Robert's Patient Story – Knee Replacement

At 55 years old, Robert decided to have total knee replacement. Today, 6 months later, he’s returning to the activities he loves. Read his story here.

Initial struggle with joint pain

“My knee pain started as an occasional annoyance. I felt pain in both knees, and over time, the right became worse than the left. It got to the point where sitting for long periods of time, at my desk or in the car, became problematic. My knees seemed to lock up every time I tried to stand.

The pain and “locking” sensation started to really interfere with my life. I couldn’t ride a bike, bowl, golf. I couldn’t bend or put much pressure on my knees at all.

I tried exercising, creams, and stretching. Nothing really worked. Finally, I decided to see an orthopedic surgeon.”

Deciding to seek help

“My mom and sister had both been through knee replacement surgery, so I contacted the surgeon they’d seen. I assumed I had mild arthritis, but the surgeon told me I had no cartilage in my right knee, and very little in my left knee. We decided that a total knee replacement was a good next step of treatment for me.”

Not all patients are candidates for this product and/or procedure. Only a medical professional can determine the treatment appropriate for your specific condition.

“I had to wait about 6 months for the surgery. In the meantime, I tried a joint injection. I also did a lot of walking to get as limber as I could before surgery. I knew anything I did before surgery would help after.”

Leading up to surgery

“Since my mom and sister had been through knee replacement surgery, I felt like I knew what to expect. My son is also a physical therapist so I talked with him about what to expect after surgery. I had a great network of support.

On an intellectual level, I felt like I knew what to expect, so I felt ready. I had normal nerves leading up to it, which I think you’re going to have before any medical procedure. I mean, this is a major surgery. I’d never had an operation before. I had a couple broken bones when I was younger, but from that standpoint, it was all going to be new to me.”

Thoughts on recovery

“The recovery process was more painful than I was expecting and I wasn’t prepared for how my scar and bruising would look right after. It was awful looking.

I also felt more helpless than I thought I would right after surgery. Going to bathroom, showering, walking to kitchen… they were accomplishments when I could actually do them. So, in that sense, it was more annoying than I thought it would be."

"The intensity of physical therapy was surprising. I didn’t expect it to be as intense as it was, as quick as it was. Almost immediately, PT was really intense and painful, and it kept up that way for 2 months. It was tough, but I wasn’t going to wuss out – especially since my son way my physical therapist! Loafing my way though would only hurt me. For me, PT was tough, but it needed to be done.
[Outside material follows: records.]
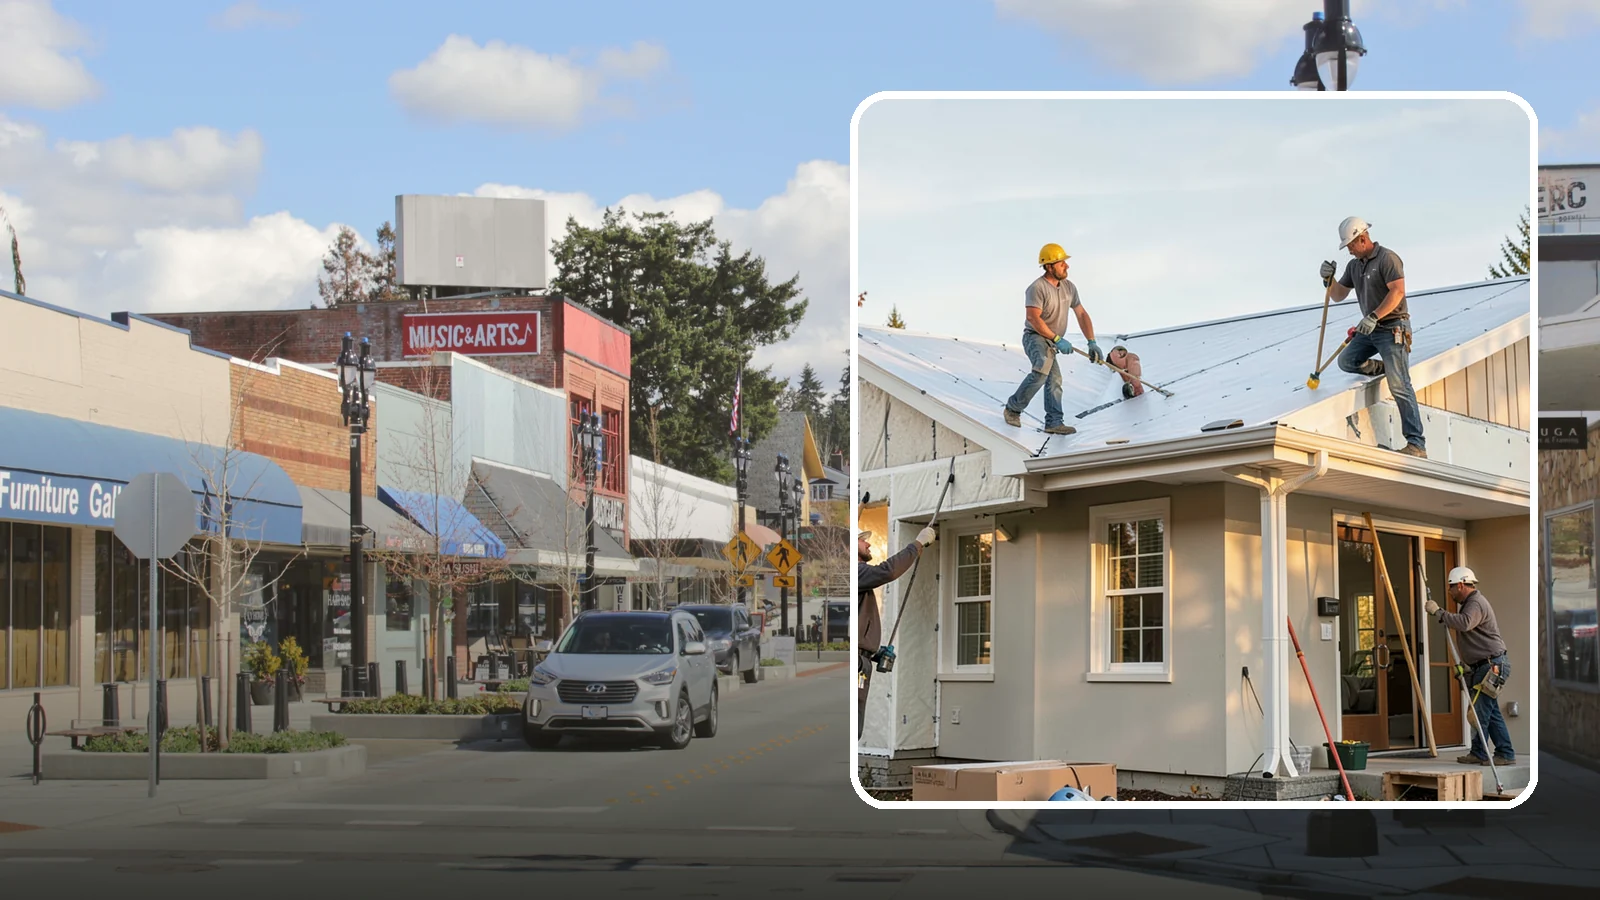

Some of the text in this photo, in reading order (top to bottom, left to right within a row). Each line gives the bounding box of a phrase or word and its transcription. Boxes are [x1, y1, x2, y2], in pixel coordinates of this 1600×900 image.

[408, 322, 520, 349] MUSIC&ARTS
[1540, 427, 1578, 437] UGA
[0, 471, 122, 519] Furniture Gal
[453, 563, 479, 574] SUSHI
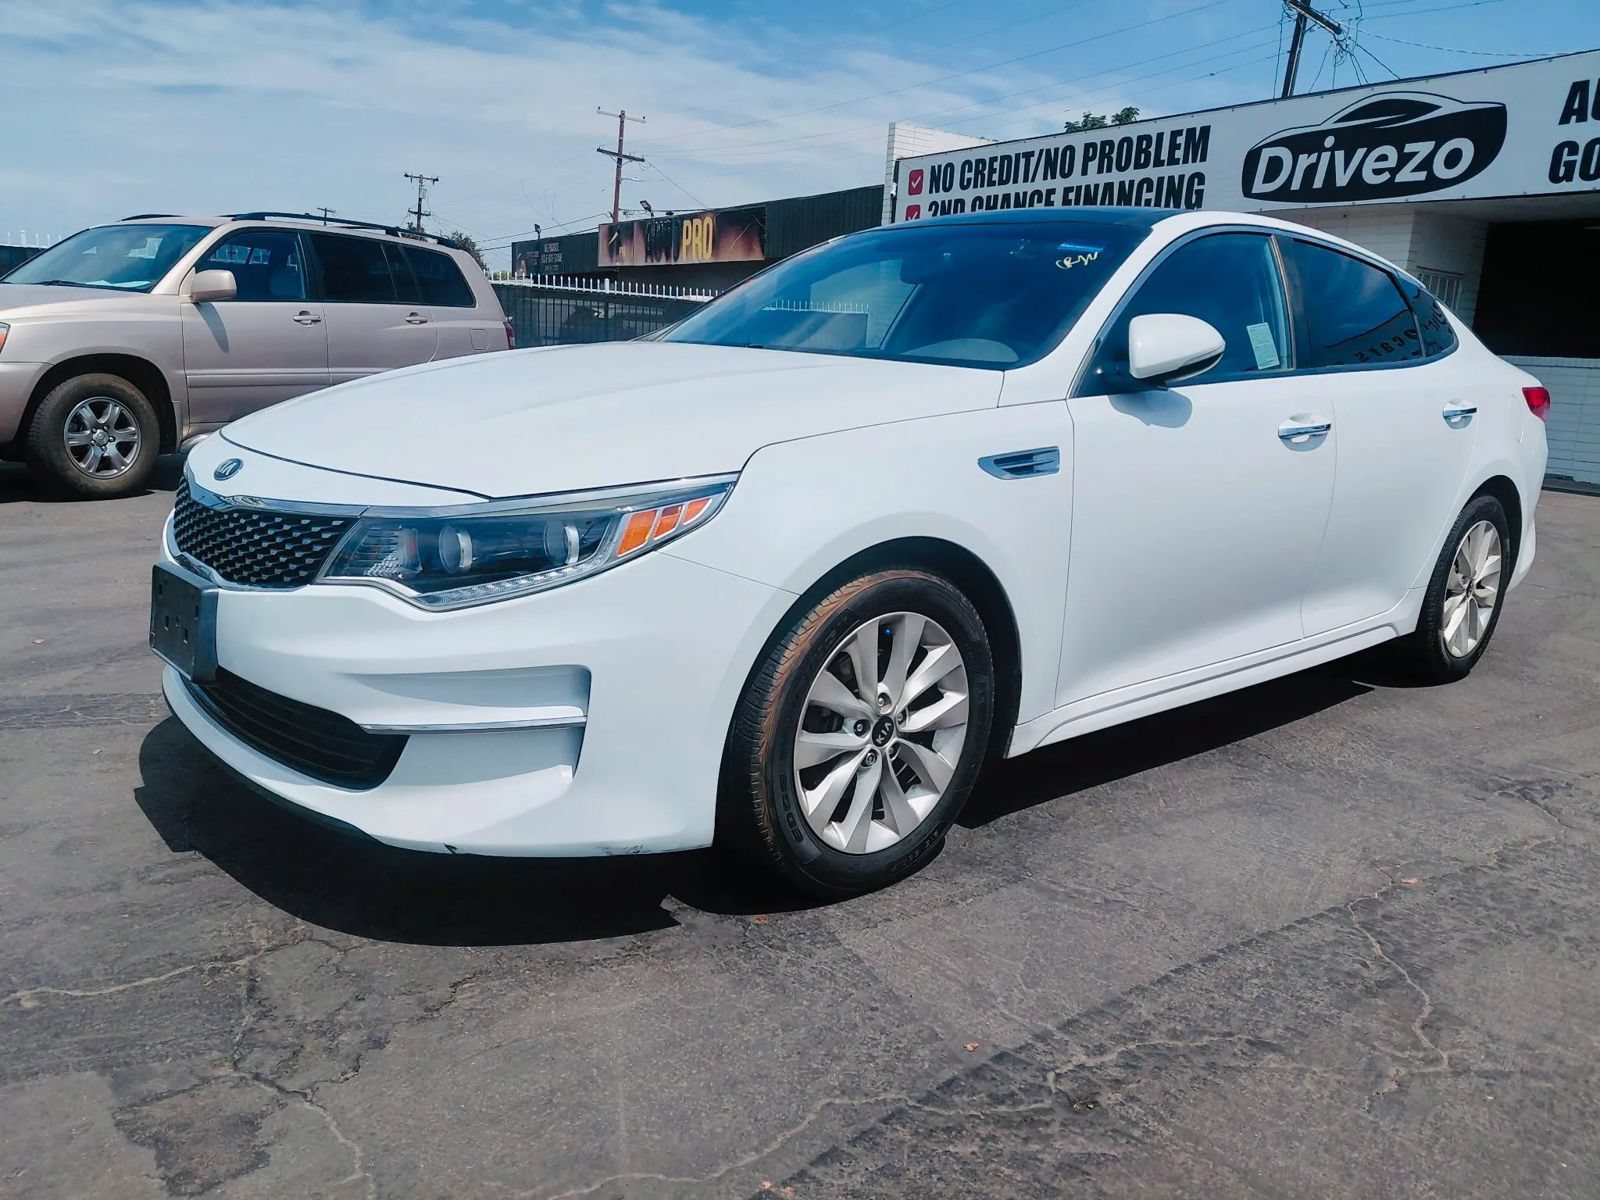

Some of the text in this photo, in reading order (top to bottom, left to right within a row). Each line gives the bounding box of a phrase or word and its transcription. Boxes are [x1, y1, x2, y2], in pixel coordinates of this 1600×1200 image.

[929, 125, 1212, 194] NO CREDIT/NO PROBLEM
[1251, 135, 1475, 194] Drivezo
[1062, 172, 1206, 210] FINANCING
[682, 216, 714, 262] PRO
[875, 722, 892, 745] KIA
Now, 6 months later, there’s a clear difference between my two knees… a good difference.

I’m not back to 100% but I’m so much better than I was before. I can walk, and the knee doesn’t buckle when I’m mowing the lawn. I do think that I can “feel” the device on my bone when I try to kneel… and I’m not able to kneel very well yet. But, I realize it’s still early.”

Appropriate post-operative activities and pain will differ from patient to patient. Results are not necessarily typical, indicative, or representative of all recipient patients.  Results will vary due to health, weight, activity and other variables.
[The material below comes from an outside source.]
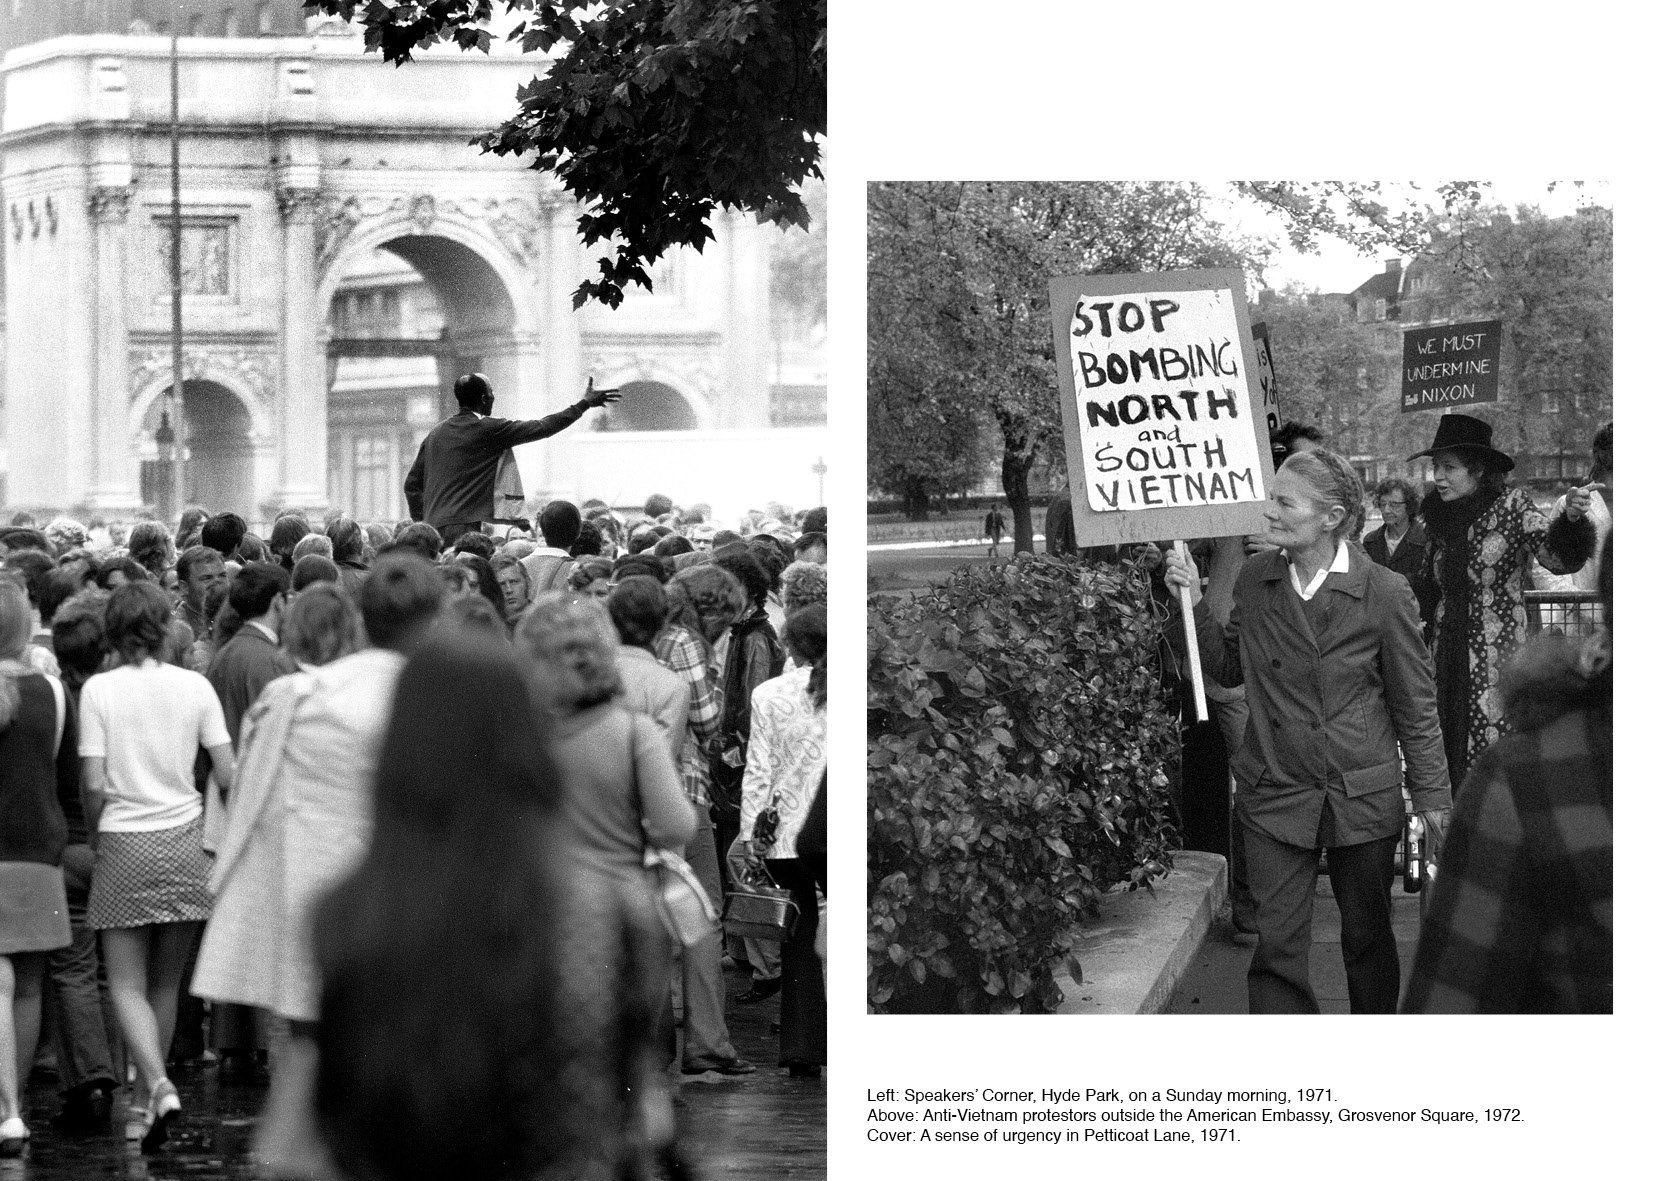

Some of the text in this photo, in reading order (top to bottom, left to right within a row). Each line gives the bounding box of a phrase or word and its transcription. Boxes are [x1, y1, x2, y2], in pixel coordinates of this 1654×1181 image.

“Managing my own expectations has been so important throughout this. Human nature is to think that you’re the “outlier”. You read about some young athlete who had surgery and was back to normal just 3 months later. So, you think that it’ll be 3 months for you too. So, if the “average” person will be back to normal in 8 months, surely I’m the outlier who’ll be back to normal in 3 months.

I should have done a better job at managing my own expectations earlier on. For the next one, I’ll have a much better idea of what’s coming. I’m not nearly as nervous for the second. I heard all the ‘advice’ intellectually, but it just didn’t sink in until I experienced it.”
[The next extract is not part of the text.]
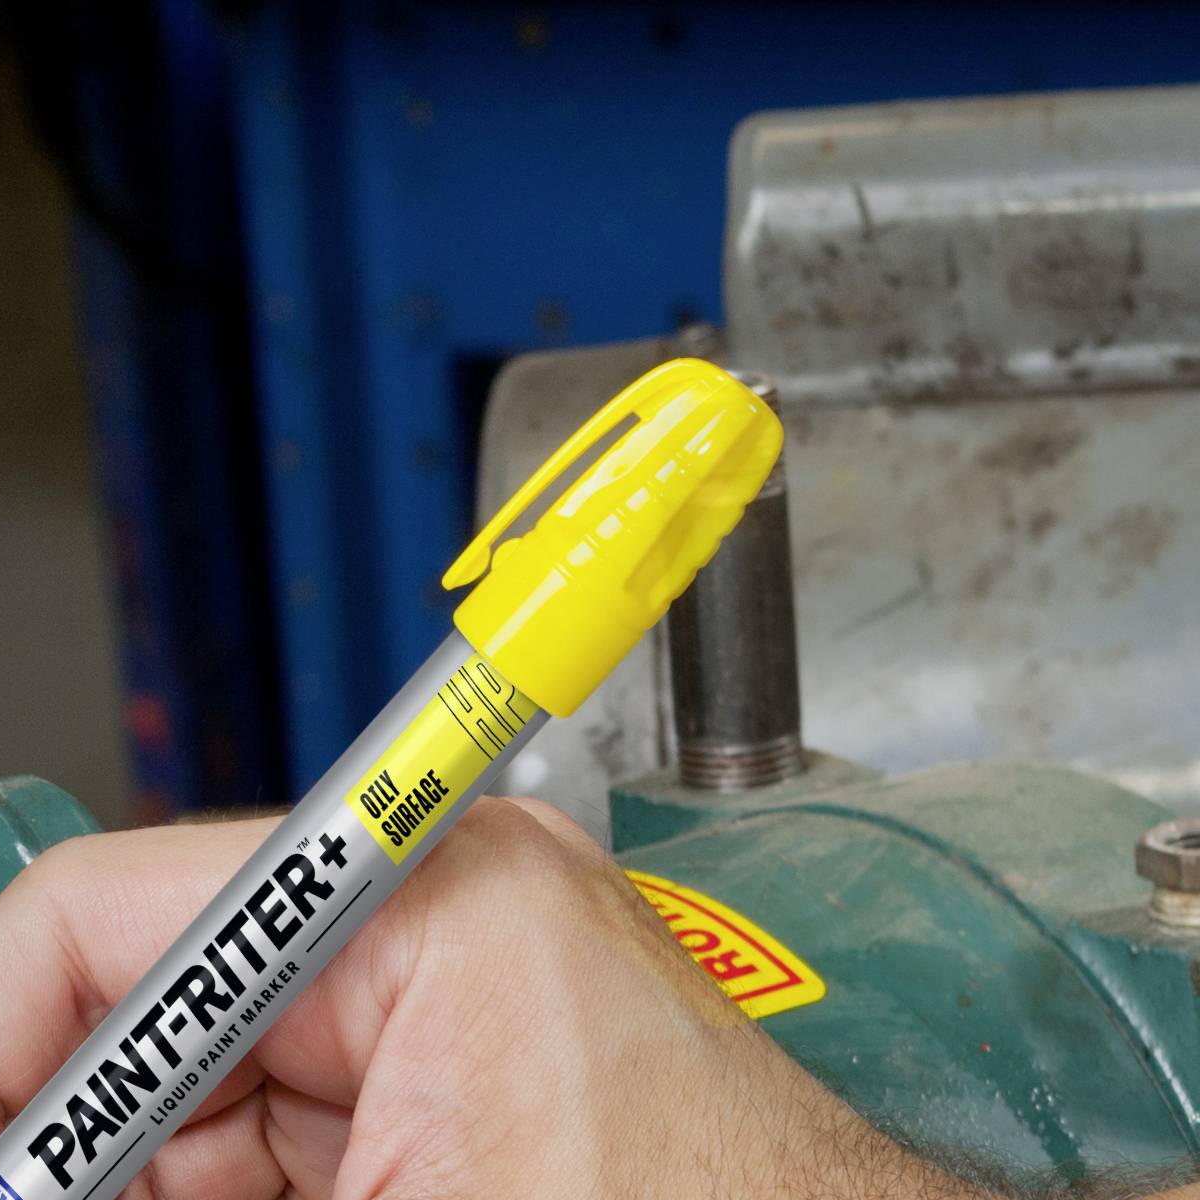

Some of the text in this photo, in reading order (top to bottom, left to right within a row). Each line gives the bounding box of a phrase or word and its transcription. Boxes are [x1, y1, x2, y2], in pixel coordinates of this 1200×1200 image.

It’s important to follow your doctor’s orders and work hard in the weeks and months following joint replacement surgery to complete your physical therapy.

“Now, people ask me questions about my experience all the time. Did this happen to you? What did you think about this? I can be part of helping others set their own expectations, based on what I went through, which is nice. I’m glad I did it and am not nearly as nervous to have my left knee replaced. And, I’m glad I didn’t wait any longer.”

Talk to your surgeon about whether joint replacement is right for you and the risks of the procedure, including the risks of infection, implant wear, loosening, breakage or failure, any of which can necessitate additional surgery or treatment.